- **PROBLEM REQUIREMENTS**: Transcribe the records that follow exactly. Skip the pictures.

(Dataset entries)
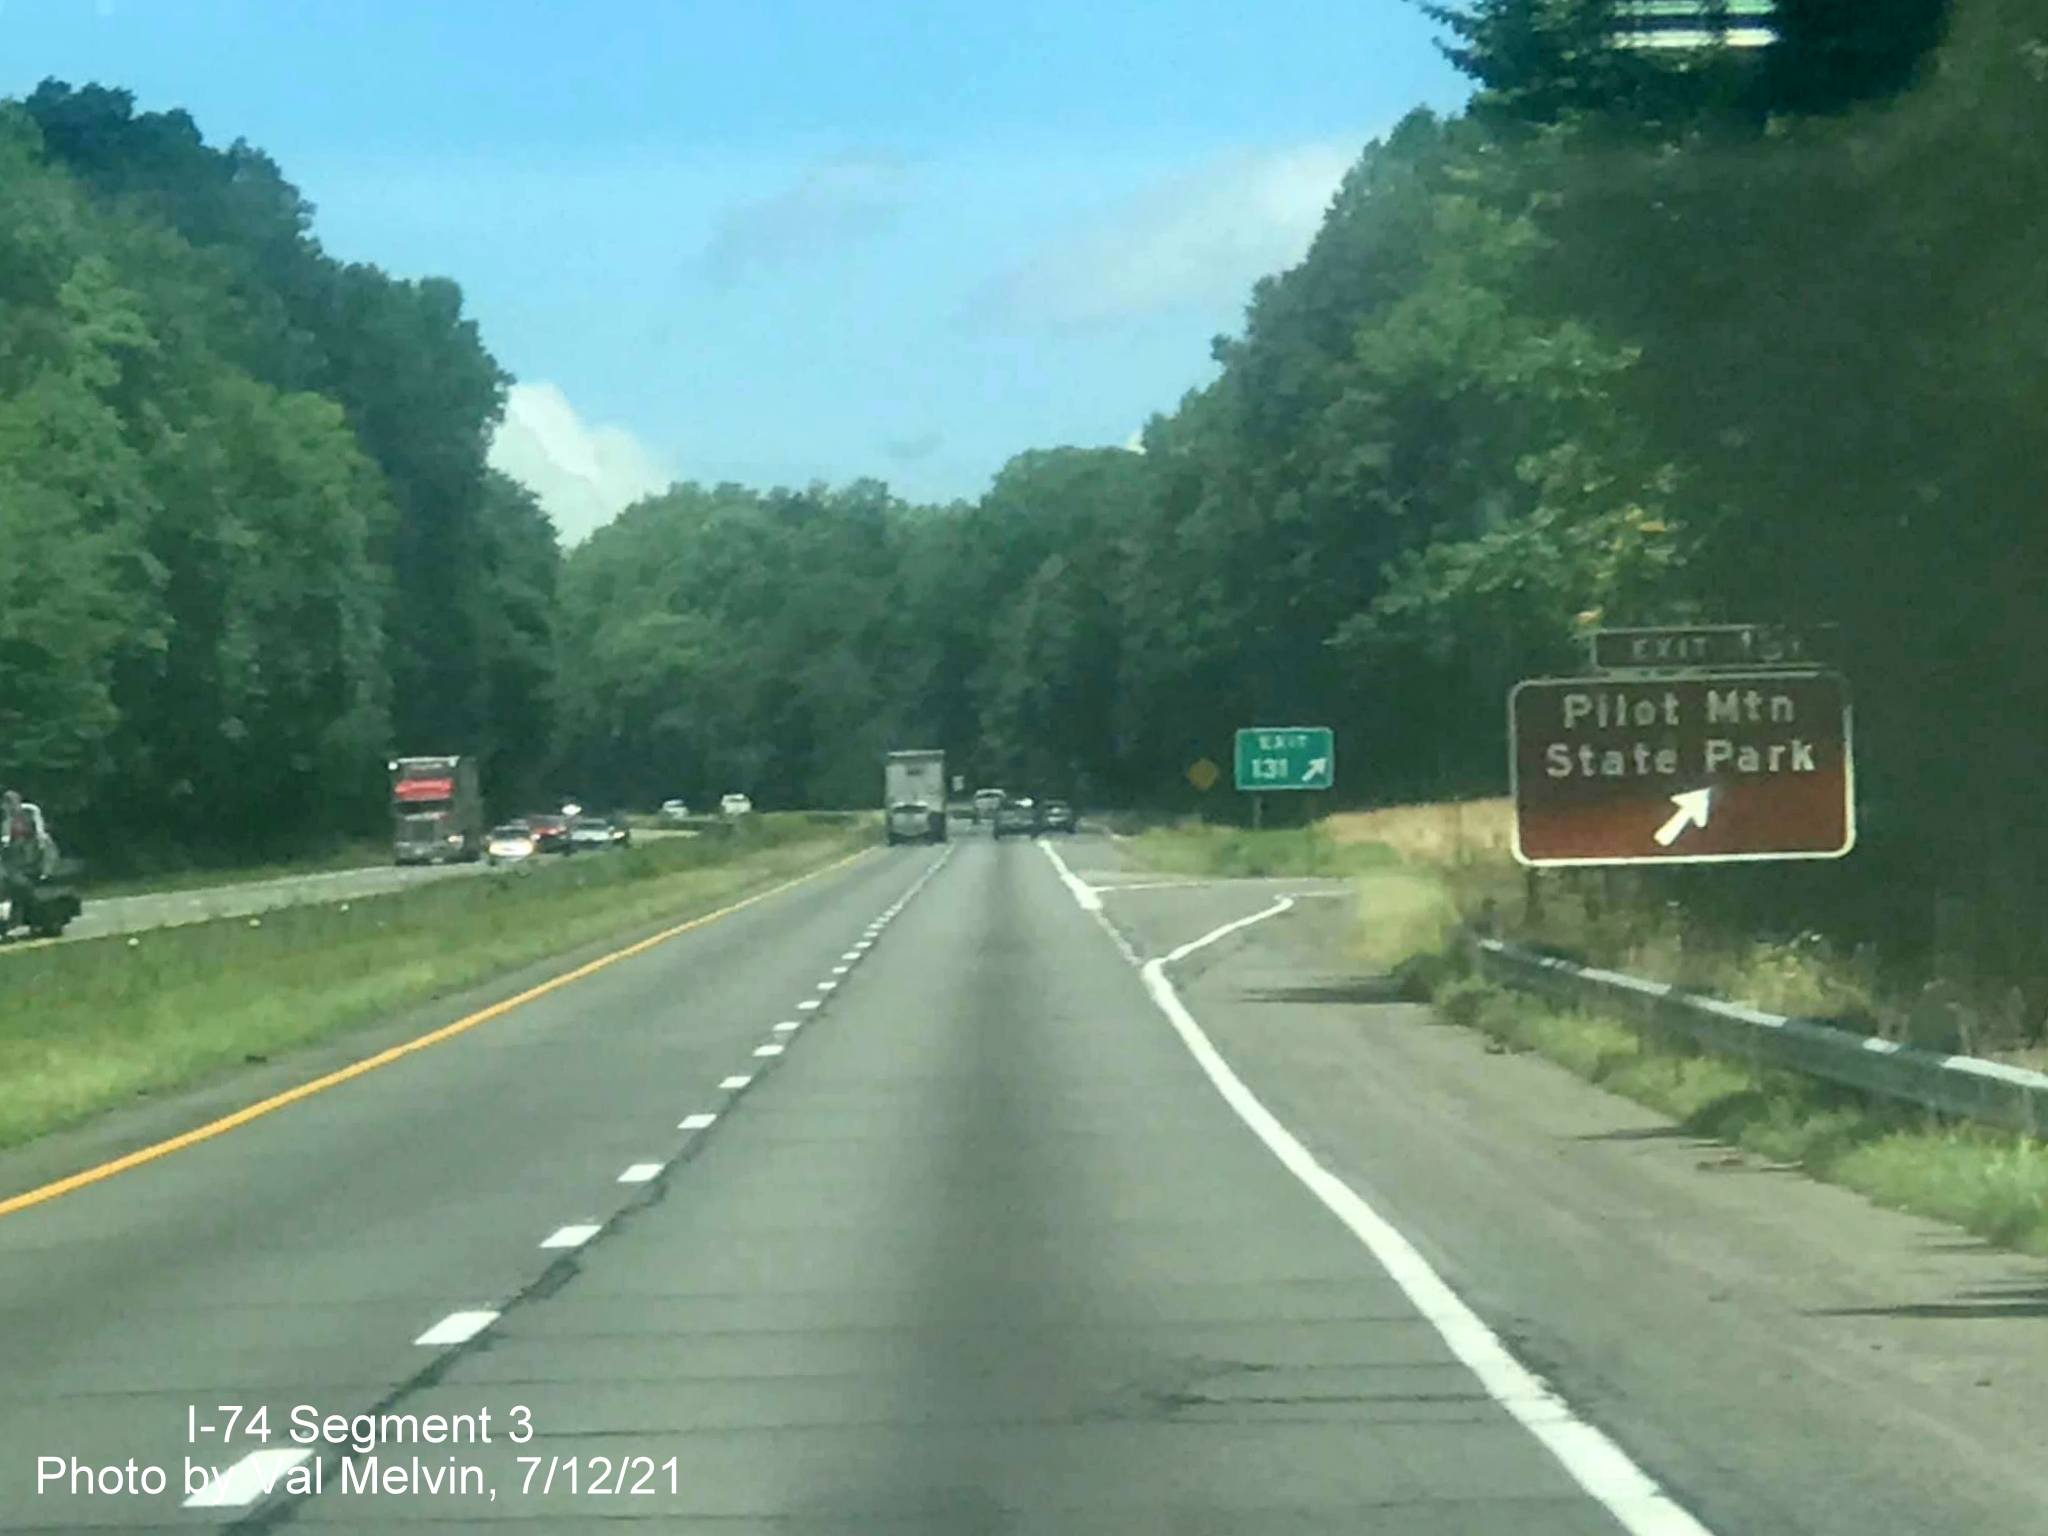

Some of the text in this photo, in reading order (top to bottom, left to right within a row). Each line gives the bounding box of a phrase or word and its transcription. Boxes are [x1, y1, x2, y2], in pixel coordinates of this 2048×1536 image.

[1632, 636, 1707, 660] EXIT
[1562, 689, 1795, 728] Pilot Mtn
[1251, 757, 1289, 779] 131
[1546, 739, 1816, 778] State Park

- **RESULT BELOW**:
Some of the text in this photo, in reading order (top to bottom, left to right within a row). Each line gives the bounding box of a phrase or word and its transcription. Boxes are [x1, y1, x2, y2], in pixel coordinates of this 2048×1536 image.

[1632, 636, 1707, 660] EXIT
[1562, 689, 1795, 728] Pilot Mtn
[1251, 757, 1289, 779] 131
[1546, 739, 1816, 778] State Park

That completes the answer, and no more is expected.